舞と結はゆかに付き添われ、アンドロギュノス本部の奥へと進んだ。

「すごいわね……」


 結が並ぶ調度品に圧倒され、思わず息を呑む。

 磨き抜かれた大理石の床が靴音を吸い込み、廊下には荘厳な空気が漂っていた。 


重厚な扉の前で、ゆかが足を止める。

ノックの音が、静かな廊下に響いた。


「どうぞ」


落ち着いた声がして、ゆかがドアを開ける。


そこは、執務室と呼ぶにはあまりにも広い部屋だった。 


「失礼します。二人を連れてきました」

 大きな年代物のデスクが置いてある。

 体がすっぽり埋まってしまうほど大きな椅子が置かれている。

 その椅子に腰を下ろしている女性がいた。

 年齢不詳の女性だった。

 三十代?四十代?五十代?

 見る角度によって色んな顔が見えそうだった。

「ありがとう、ゆか。よく来てくれたわね、舞、結」


 黒に近いグレーの衣をまとった彼女は舞たちの方へ歩み寄った。

 その銀色の髪が部屋の淡い光を受けて光り輝く。

 

「私はティア、元フェアリーで今はアンドロギュノスの代表をしているわ」


 ゆかが傍らで、少し誇らしげに補足する。


「ティアは『元』フェアリー^_^と言ったけど……彼女が伝説になるまで、『フェアリー』という言葉自体、存在しなかったの」


「存在しなかった……?」


「そう。
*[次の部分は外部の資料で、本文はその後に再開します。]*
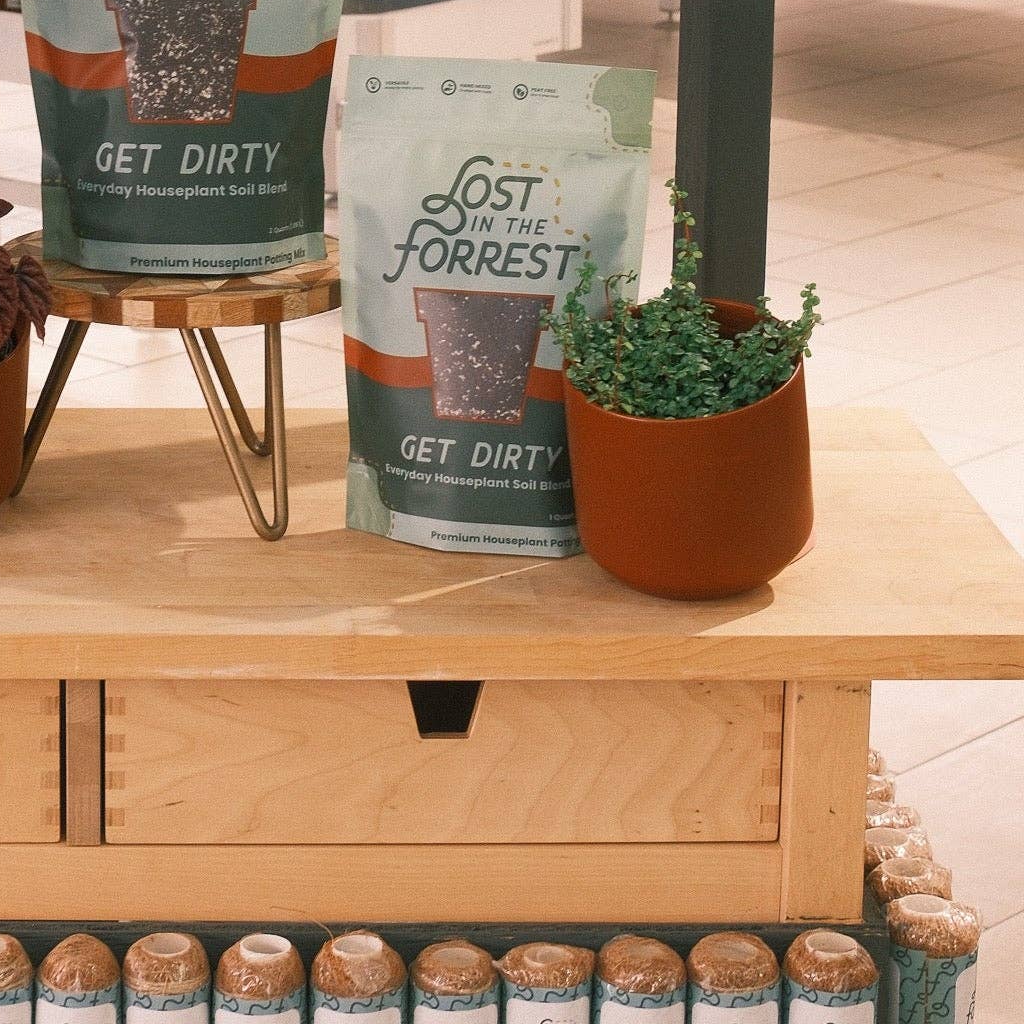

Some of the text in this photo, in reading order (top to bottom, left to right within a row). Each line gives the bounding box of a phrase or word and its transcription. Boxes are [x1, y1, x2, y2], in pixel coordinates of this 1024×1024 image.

空を飛び、魔法のような力で人を救う。

 その姿を見た人たちが、畏敬の念を込めて彼女をフェアリーと呼んだ。

 つまり、ティアは初代フェアリーなのよ」

 

「魔法使い……」

 舞と結の緊張が最高潮に達する。

「魔法使い、ね。フェアリーの頃の、ほんの二つ名よ」

 その一言は重みを持って広間に響いた。

 

 ティアの存在感が空間を支配しているようだった。

 舞と結は新たな使命への第一歩を確かに踏み出したことを感じ取った。

 

 緊張した面持ちでティア代表を見つめる。

 自然に背筋が伸び、大理石の床に映る自分の影を見つめた。

 

 これから始まる新たな世界への期待と不安が入り混じる。

 ティアの漆黒のスーツが大理石の冷たい光沢に溶け込むほど静謐な空間で、彼女の唇がかすかに動いた。

 

「あなたたちからすごいエナジーを感じるわ」

 低く響く声が石壁に反響した。

「うまくエナジーを使いこなせれば……」

 ティアの纏う雰囲気が一変した。小声で呪文のような言葉を紡ぎ、立てた指を前に突き出す。

 

指先から光の粒子が溢れ、金色の渦を描き始めた。

それは瞬く間に、眩い獅子の形を成す。


咆哮が、天井を震わせた。

黄金のたてがみが微粒子となって煌めく。


光の獅子は、まっすぐ舞と結の足元へ疾走した。 

 

「っ……!」

 二人は、悲鳴を押し殺した。


 二人のすぐ前で光の獅子が止まった。

 

 強烈な風圧だけが、そのまま二人の髪をなびかせた。獅子が放つ圧倒的な存在感が空気を焦がし、獅子の黄金の眼差しが二人をじっと射抜く。

 

 ティアがひゅっと指先を動かす。

 次の瞬間――光の獅子は霧散するように消滅する。

 

 後に残ったのは、磨かれた床に映る二人の影だけだった。


 舞も結も、しばらく言葉を失っていた。

 大理石の冷たさすら忘れ、ただ互いの顔を見つめ合う。


「すごい……こんなことまで……」


 結の声が、かすかな吐息となって広間に溶けた。

 無意識のうちに、隣にいる舞の腕を掴んでいた。 

 

 ようやく大理石の床の冷たさが、靴越しにじんわりと伝わってくる。

 だがそれ以上に、胸の奥から湧き上がる熱が全身を満たしていた。

「……信じられない……」

 小さく呟いた声は、自分でも驚くほど震えていた。

「本当に……魔法みたい……」

 舞の方を見つめると、彼女も同じように息を詰め、目を輝かせている。

「私たちの中にも……あんな力が、眠ってるのかな……?」

 期待と不安が入り混じった、かすかな祈りのような問いかけだった。

 

 ティアが二人の前に歩み寄る。

 穏やかな微笑みを浮かべ、それぞれの肩にそっと手を置いた。

 

「フェアリー研修、がんばって。あなたたちならきっと乗り降り超えられるわ」

 

 その一言と同時に、掌から温かな波動が伝わる。

 何か身体のスイッチが切り替わったような不思議な感覚だった。

 

 瞬間――二人の身体を包んでいた重さや疲労がすっと消え、呼吸が深く整っていく。

 まるで体内のエナジーが正しい位置に導かれたようだった。

 

 「――身体が、軽い……」

 舞と視線を交わすと、自然と小さな笑みがこぼれる。大広間の荘厳な空気に圧倒されながらも、背筋を伸ばし、結は一歩前に踏み出した。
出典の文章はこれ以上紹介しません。